For nearly two decades, Paavo Siljamäki, Tony McGuinness, and Jono Grant, better known as Above and Beyond, have been the masters of progressive and emotional trance music, but this year they removed the electronic elements from their songs to release Acoustic, and the world was left with the voice, the message, and a set of long-cherished melodies in their purest symphonic form. Dance music is known for bringing listeners together under one beat, with an emphasis on connection and shared human emotion, and this album does just that through the group’s classic tracks and a new song as well. Acoustic transcends genre and leaves listeners with a message of love and appreciation for the small moments that make up this crazy thing we call life. – Twila Grissom

Listen: “Satellite / Stealing Time

above and beyond acoustic

#39: Drenge – Drenge

It’s no surprise this young British duo made our top albums of the year list; their self-titled debut earned the brothers Loveless Best New Artist from NME and rave reviews from many, including yours truly. The music isn’t calculated or cautious — it’s reckless and effortlessly perfect. Eoin and Rory have a natural talent, and though it may sound crass, they don’t give a shit if you like it. This duo makes music because they love it and just so happen to be really fucking good at it. The LP is dark, aggressive, and, at times, downright malicious, but the lyrics and storylines are the album’s least important elements, playing almost like afterthoughts to the music, which somehow sounds like the product of 5-piece band despite being created by nothing more than the brothers’ electric guitar and drum set. – Angelica Corona

Listen: “Nothing

drenge album cover

#38: Ought – More Than Any Other Day

Montreal’s Constellation Records is best known for its roster of excellent post-rock bands from the region, so the appearance of a young, hungry post-punk band with a penchant for defiant and inspiring art-rock was a blast out of left field. Ought’s debut album was a perfectly sequenced and accomplished record, showcasing the band’s range and elasticity in switching between the slowed-down majesty of “Forgiveness” and the accelerated joy of the title track, which, like most of the album, oozes with the confidence of veterans while still glowing with the thrill of the new. “The Weather Song” was a flat-out indie-rock anthem, and as the band’s reputation grows, hopefully this album will be recognized as a minor classic in its own right. – Jay Chirinos

Listen: “The Weather Song

ought more than any other day

#37: Foo Fighters – Sonic Highways

Dave Grohl is an asshole. I just don’t get how he makes it look so easy, somehow raising the bar he himself sets with every new Foo Fighters release, but he’s done it again. After recording their last album all live to tape with a myriad of musicians and winning five GRAMMYs for their efforts, Grohl decided to not only record the band’s newest album in a completely different way, but to also release it in completely unique way.

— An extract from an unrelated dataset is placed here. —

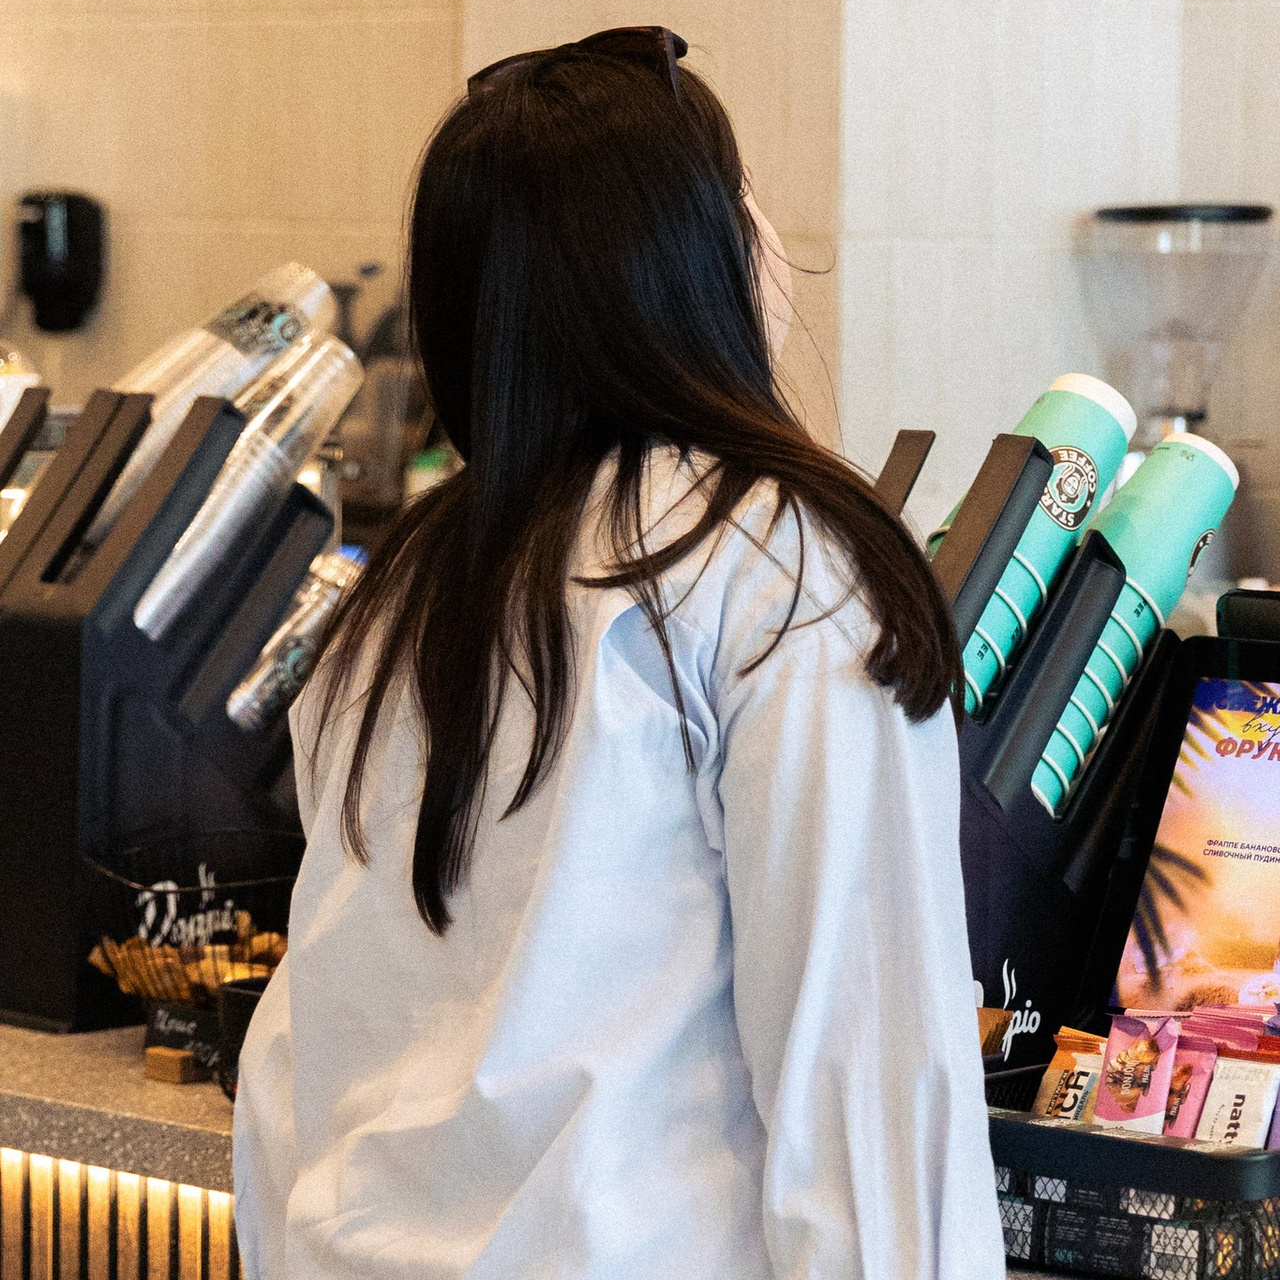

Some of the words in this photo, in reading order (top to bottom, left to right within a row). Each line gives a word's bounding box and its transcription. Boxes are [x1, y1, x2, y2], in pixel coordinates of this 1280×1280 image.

[1206, 839, 1239, 849] ФРАППЕ
[1202, 848, 1253, 861] СЛИВОЧНЫЙ
[1073, 1090, 1089, 1121] ИНДАЛЬ

The concept behind Sonic Highways sounds simple enough: tell the stories of eight American cities in various formats. Easy, right? Now let’s complicate things.

In addition to helming the new album, Grohl also directed an HBO series of the same name as the album to release alongside the audio record. Sonic Highways the documentary series follows the Foo Fighters’ travels to those eight cities, telling the story of the city’s musical roots and showing the band writing and recording each of the albums eight songs in interesting studios with their producer Butch Vig and the help of a local legend on each track.

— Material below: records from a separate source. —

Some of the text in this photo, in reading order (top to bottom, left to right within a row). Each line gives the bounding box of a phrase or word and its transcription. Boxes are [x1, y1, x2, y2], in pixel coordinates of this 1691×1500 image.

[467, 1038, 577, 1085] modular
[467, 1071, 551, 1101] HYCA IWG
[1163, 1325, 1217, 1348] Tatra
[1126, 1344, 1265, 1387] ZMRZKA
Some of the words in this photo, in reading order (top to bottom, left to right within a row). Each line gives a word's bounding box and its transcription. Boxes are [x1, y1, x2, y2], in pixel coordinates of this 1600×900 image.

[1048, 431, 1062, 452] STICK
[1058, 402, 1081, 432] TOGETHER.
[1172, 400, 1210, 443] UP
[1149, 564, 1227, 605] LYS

The Foo Fighters also played a small venue show in each town represented on the album, included a set at The Roxy (not getting into that show was one of the saddest moments of the year for me). And on top of all this, the album rocks! Between the documentary series, the album itself, and the live shows, I count three different ways in which this album made itself heard in 2014. The Foo Fighters are the same rocking group they’ve always been, and yet they managed to again take everything to a whole other level with Sonic Highways. – Gerry Doot

Listen: “In The Clear

Foo Fighters Sonic Highways

#36: Protomartyr – Under Color of Official Right

This post-punk band from Detroit kicks off their sophomore album with the lyrics “Shit goes up. Shit goes down,” and those lines perfectly sum up Under Color of Official Right’s modus operandi. This is an album whose lyrical content comes from guys living in a city whose discontent with the way society has treated its citizens is finally rearing its ugly head.

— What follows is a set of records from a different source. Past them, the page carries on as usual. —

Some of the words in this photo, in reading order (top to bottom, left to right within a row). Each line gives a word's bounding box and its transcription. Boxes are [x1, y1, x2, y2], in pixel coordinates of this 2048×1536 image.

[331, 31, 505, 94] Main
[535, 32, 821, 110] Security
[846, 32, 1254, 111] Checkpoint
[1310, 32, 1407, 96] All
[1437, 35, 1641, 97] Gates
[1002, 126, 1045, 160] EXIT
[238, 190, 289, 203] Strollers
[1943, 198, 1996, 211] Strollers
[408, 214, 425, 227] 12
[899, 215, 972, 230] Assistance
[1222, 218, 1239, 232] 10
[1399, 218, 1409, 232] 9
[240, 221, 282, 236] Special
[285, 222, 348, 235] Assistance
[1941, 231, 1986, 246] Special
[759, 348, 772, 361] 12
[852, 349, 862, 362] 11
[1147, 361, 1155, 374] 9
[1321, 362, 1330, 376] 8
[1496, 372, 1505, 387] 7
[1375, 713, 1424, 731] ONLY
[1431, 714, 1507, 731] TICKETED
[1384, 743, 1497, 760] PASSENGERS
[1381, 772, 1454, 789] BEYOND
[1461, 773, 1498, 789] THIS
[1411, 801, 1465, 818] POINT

Surrounded by instrumental precision and damn-near post-punk perfection, that thematic discontent almost falls by the wayside, eclipsed by a band that just wants to make some great music. Short, electric song constructions fill this record with fantastic bass lines, sharp drumming, and Joe Casey’s secretly sinister vocal delivery to majorly satisfying effect. Under Color Of Official Right sprints through its short runtime and finishes in a heartbeat, but it’s so good that you’ll want to spin the record again the moment it’s finished just to keep that pulse going. – David Fisch

Listen: “Scum, Rise!

protomartyr under color of official right

#35: Cold War Kids – Hold My Home

Long Beach’s Cold War Kids, be it out of a pure surplus of inspiration or an insane work ethic, have released five full-length albums and three studio EPs in the past eight years. This steady production schedule may seem relatively normal for a typical pop band banking on a few singles to get them through to the next album cycle, but when every song is packed with rich story and deep sentiment, releasing even one such album in eight years is impressive.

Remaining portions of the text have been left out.